Also, there's a line of thinking that suggests nobody falls for it, even when they buy the product advertised. Nobody with brand loyalty to Apple actually believes Apple is a 'good' company, yet they all believe Apple is a 'good' company. Just as nobody believes in the financial system anymore, but we all believe in it.
Well, you could offer other and more pragmatic explanations for that. For instance, Apple products are on the whole more user friendly than most of the competition, and if you're used to they way they work and like it, you'll tend to stick with it on the much underrated grounds of practicality. For my part I have more than once considered switching to Apple computers out of sheer exasperation with the endless and escalating aggravations connected with Windows. And we continue to believe in the financial system because we have no other choice, and probably also because we all realise at a practically animal level that if we stop doing so, everything will fall apart.
Well, let's look at your hostility to these coffeehouse guys and gals.
Can you honestly criticize someone who doesn't sit cooped up in an office, goes from coffeehouse to coffeehouse working on a laptop, travels frequently, conducts a vibrant social life, lives within the bounds of his or her conscience, has an eye for bringing design elements into his or her life, and gets paid well to boot?
In all seriousness, that kind of life is almost impossible to criticize. It's not even as execrable a life as the yuppies of the 80s; it's like a rehabilitated yuppie life, recalibrated to leave out the bad and retain the good. And yet it is criticized by some, and seen as symptomatic of a grave problem. Is there a paradox here, maybe a very revealing paradox? Or am I missing something?
PFTLT already nailed a large part of it - this is the sort of lifestyle chosen by people who choose to make their job their life, which is the only reason I can imagine why anyone would choose to conduct work in a setting that is constructed to serve enjoyment, relaxation and social life.

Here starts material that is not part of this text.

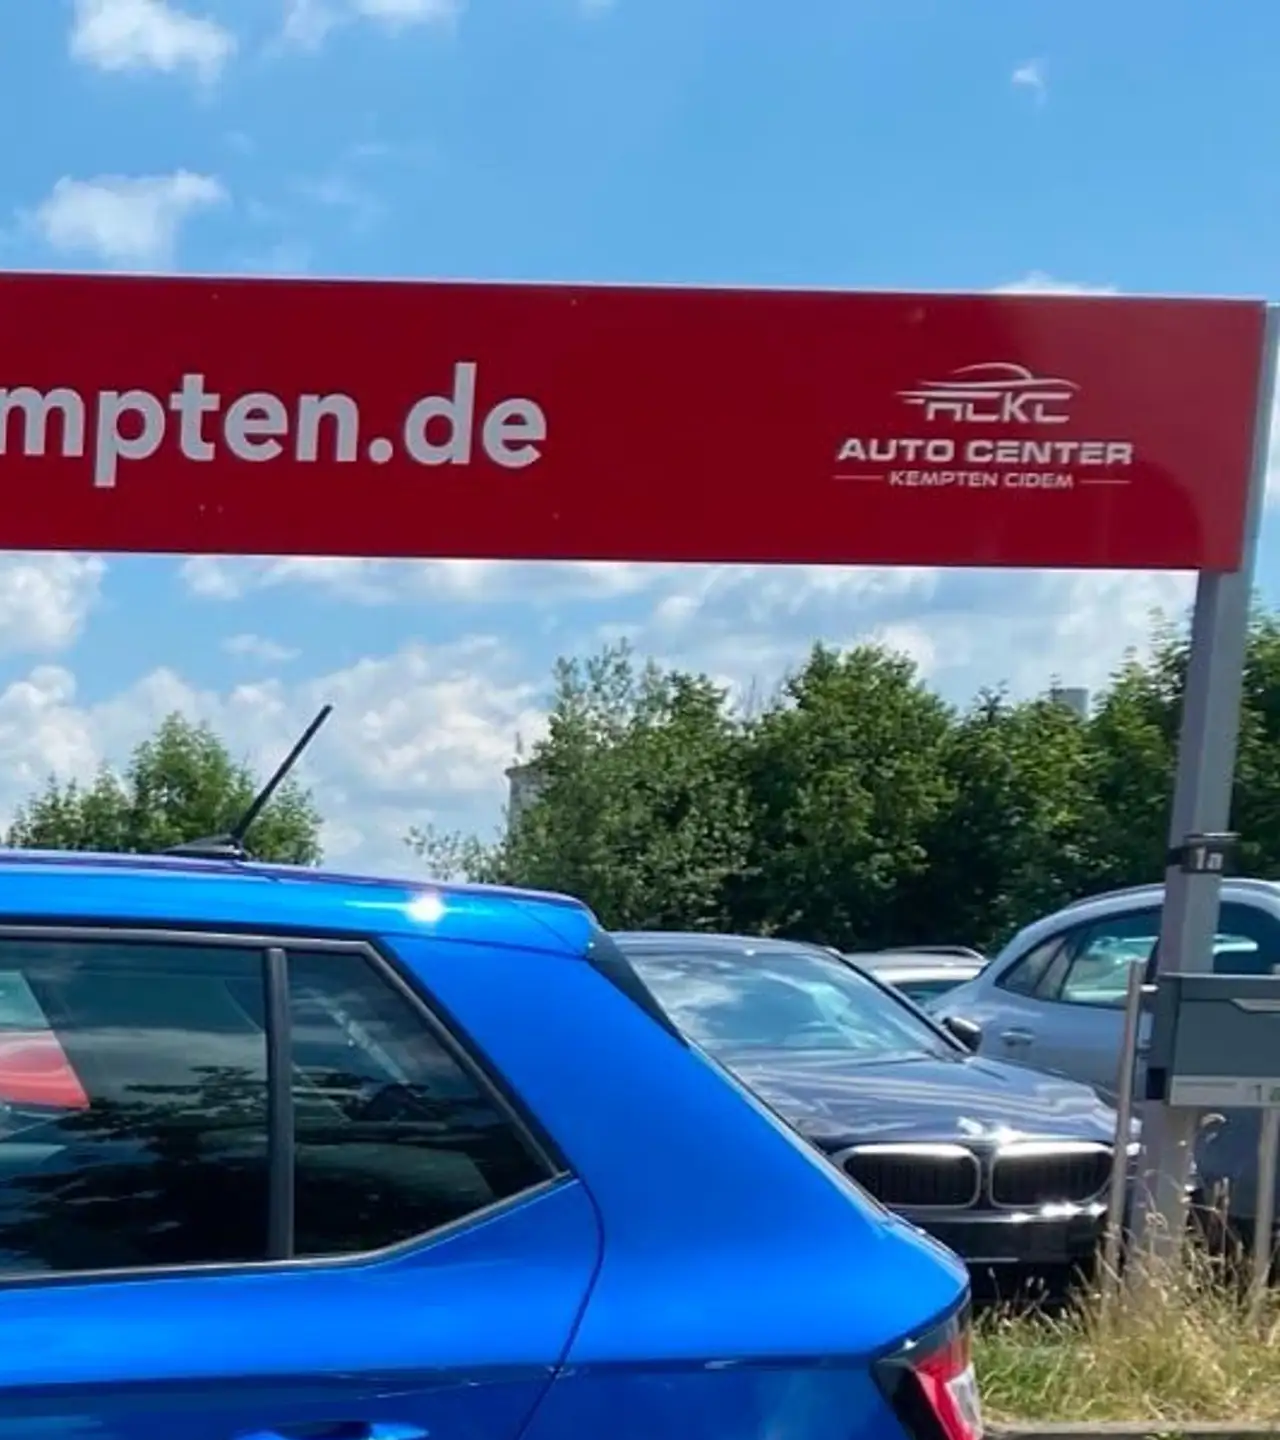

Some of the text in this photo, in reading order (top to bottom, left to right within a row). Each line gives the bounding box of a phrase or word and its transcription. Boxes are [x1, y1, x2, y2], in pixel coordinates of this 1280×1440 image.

Not in the classic workaholic sense, because they find work so addictively absorbing that they have no room for anything else - in that case, they'd be happier with an office and scorn the coffehouse atmosphere and the vibrant social life. That would be respectable in a way, if also somewhat sad. Nor because they have chosen a job that corresponds to and blends in with some other laudable purpose in life, which is always respectable but rarely profitable.
But in the end, I guess I just have a fundamental and instinctive distrust of the sort of people who seem to think their brains will stop working unless they are constantly surrounded by social hubbub. To me, that amounts to escapism and self-mutilation at best, soullessness and questionable sanity at worst.
As for bringing design elements (broadly speaking) into one's life, that's actually in my opinion an excellent benchmark for people. To care nothing at all for that despite having the opportunity for it usually indicates a personality devoid of a capacity for appreciating beauty. The sort of people I like generally tend to treat it as the object of moderate interest and expense (relative to means). Then there's the sort of people who regard it with ravished fascination and spend the better part of their means and creative energy constantly updating their apartment. Which I suspect is the same sort of people who enjoys working out of coffehouses. And which is really nothing more than a slightly more elaborate form of having to have a bigger car than the neighbour. To put a sense for aesthetics to such uses is in my book far, far worse than the crassest fifties-type materialism, and considerably less respectable than having no aesthetic sense at all.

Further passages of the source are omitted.